McCormick played the eldest daughter, Marcia, who had five siblings in The Brady Bunch, an American television sitcom about a blended family that aired from late 1969 to early 1974 on ABC, on Friday nights. She had a perky and popular personality. After its cancellation, the series was later rebroadcast in syndication for decades, as children's programming, gathering long-lasting, cross-generational popularity that led to spinoffs and movies. McCormick had a sporadic romance with her Brady Bunch co-star Barry Williams during the original series' run.

McCormick also voiced Marcia in the first season of the ABC Saturday morning cartoon The Brady Kids from 1972 to 1973. She recorded four albums with the Brady Bunch cast and toured with them as well. In 1972, she released her first solo single with the songs "Truckin' Back to You" and "Teeny Weeny Bit (Too Long)". The following year, McCormick recorded an album with her Brady Bunch co-star Christopher Knight, a pop recording titled Chris Knight and Maureen McCormick, which carried both duets and solo tracks. McCormick's second solo single "Little Bird", backed with "Just a Singin' Alone", had mild chart success in the western United States (reaching the top five at KCPX in Salt Lake City). McCormick later performed "Little Bird" on American Bandstand, where host Dick Clark encouraged her to follow a singing career. McCormick released another single in 1973, "Love's in the Roses", backed with "Harmonize".

In 2015, archive footage of McCormick as Marcia was used for an American TV commercial advertising Snickers chocolate bars. The commercial, which debuted during Super Bowl XLIX, features action film star Danny Trejo as young Marcia who (in the context of being hungry) is not acting like herself. After eating a Snickers, Marcia appears as McCormick once again.

===1975–2006: Other roles and personal struggles===
Following the cancellation of The Brady Bunch, McCormick spent years addicted to cocaine and quaaludes, which impeded her career. McCormick later stated that she sometimes traded sex for drugs during her early 20s. She flubbed an audition with Steven Spielberg for a part in Raiders of the Lost Ark (1981), arriving for the audition under the influence of cocaine and having not slept for three days. She developed a reputation in Hollywood for being unreliable, to the point that one producer threatened that she would never work as an actress again. She also dealt with bouts of depression and bulimia.

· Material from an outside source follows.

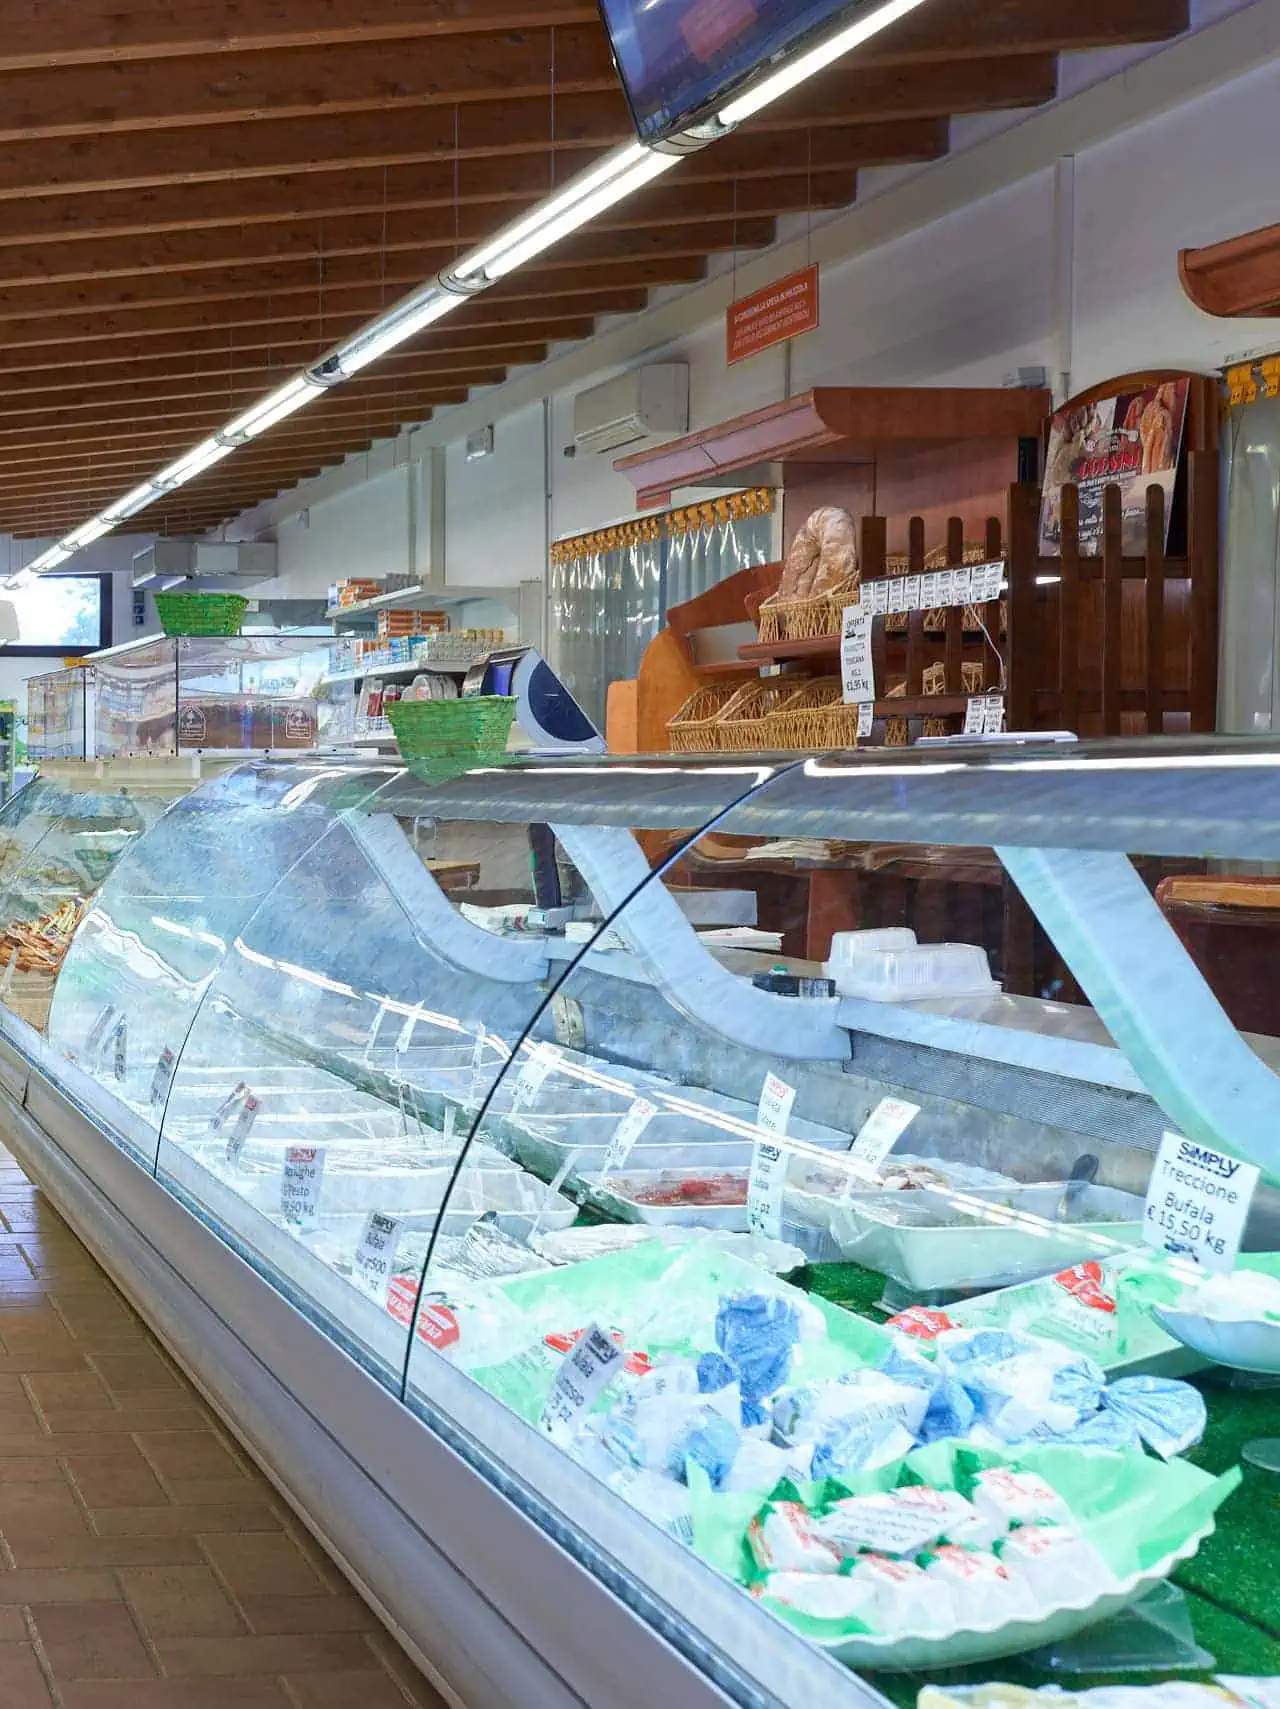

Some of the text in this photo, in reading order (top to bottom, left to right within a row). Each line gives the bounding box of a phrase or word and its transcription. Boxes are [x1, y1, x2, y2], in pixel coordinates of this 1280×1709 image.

[1160, 1159, 1238, 1204] Treccione
[1164, 1191, 1214, 1225] Bufala
[1159, 1209, 1201, 1241] 15,50
[1204, 1229, 1226, 1255] kg

Despite her struggles with addiction and depression, McCormick did appear in guest roles on numerous television series throughout the 1970s and 1980s, such as Happy Days, Donny & Marie, The Love Boat, Vega$, The Streets of San Francisco and Fantasy Island, along with supporting roles in The Idolmaker and B movies such as A Vacation in Hell (1979) and Skatetown, U.S.A. (1979). McCormick later claimed she failed to get a role as a prostitute or heroin dealer for the movie Midnight Express because she continued to be identified with her Brady Bunch role. She reprised her role as Marcia Brady on the short-lived series The Brady Bunch Hour from 1976 to 1977, and The Brady Brides in 1981, which was spun off from the movie The Brady Girls Get Married (1981). McCormick portrayed Wendy Darling in a touring stage production of Peter Pan, beginning in 1983.

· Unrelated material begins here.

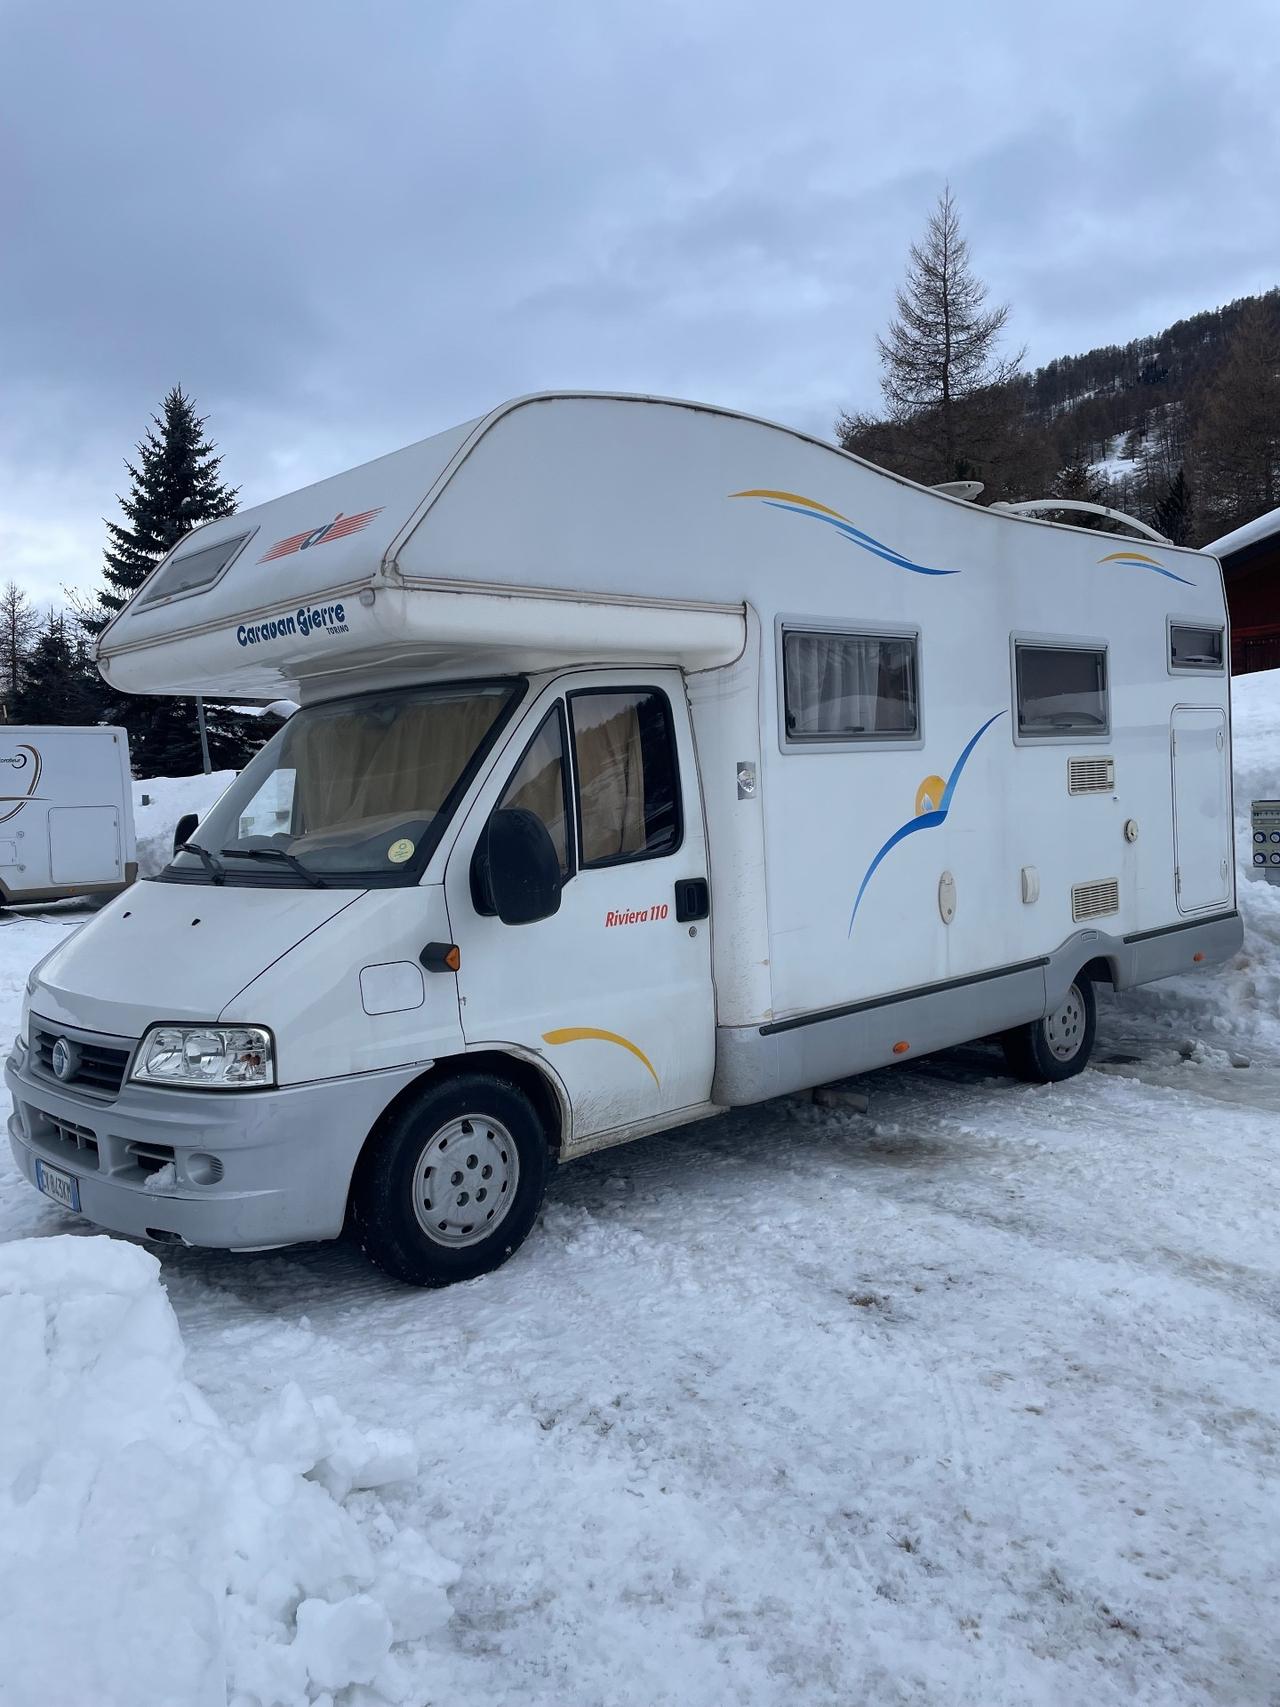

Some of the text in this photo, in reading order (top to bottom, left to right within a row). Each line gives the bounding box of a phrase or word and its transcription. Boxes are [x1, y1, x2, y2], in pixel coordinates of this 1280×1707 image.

[236, 604, 346, 647] Caravan Gierre
[326, 624, 350, 636] TORINO
[605, 904, 668, 928] Riviera 110

McCormick married Michael Cummings on March 16, 1985. Shortly after getting married, McCormick went through a series of interventions, stints in rehabilitation, and experimental therapies. She was treated by psychologist Eugene Landy, and later claimed that his brand of psychopharmacology, for which he eventually lost his medical license, worsened her addictions because he prescribed her so many medications. She began to get sober after marrying, but she still suffered from depression and paranoia, and once threatened to jump from a balcony in front of her husband. She and her husband were at first wary of medication, but McCormick was treated with antidepressants such as Prozac beginning in the 1990s. McCormick also said that she was helped by her friendships with former Brady Bunch cast members.

She continued to appear sporadically in films and television projects, having a minor role as a police officer in Return to Horror High (1987), and again reprising her Marcia Brady role for the television film A Very Brady Christmas (1988). McCormick gave birth to a daughter in May 1989. When The Bradys, a revival of The Brady Bunch, was scheduled to begin production in 1990, McCormick was unavailable to return as Marcia because she was busy caring for her infant daughter, so Leah Ayres filled the role, instead. In 1993, she played herself in the Herman's Head episode "When Hermy Met Maureen McCormick". In 1994, McCormick made her Broadway debut as Betty Rizzo in a production of Grease.

McCormick released her debut studio album, When You Get a Little Lonely, on April 4, 1995, as an audio CD and cassette. The album was later made available as a digital download. The album was released under Phantom Hill Records, a record label owned by her brother. McCormick promoted it with live performances in Palmdale, California, and CD signings. When You Get a Little Lonely received negative reviews from music critics, though McCormick's vocals did receive some praise. In a retrospective interview with Entertainment Weekly, McCormick said that she was disappointed by the recording process for the album, and would have preferred to write at least one of her own songs.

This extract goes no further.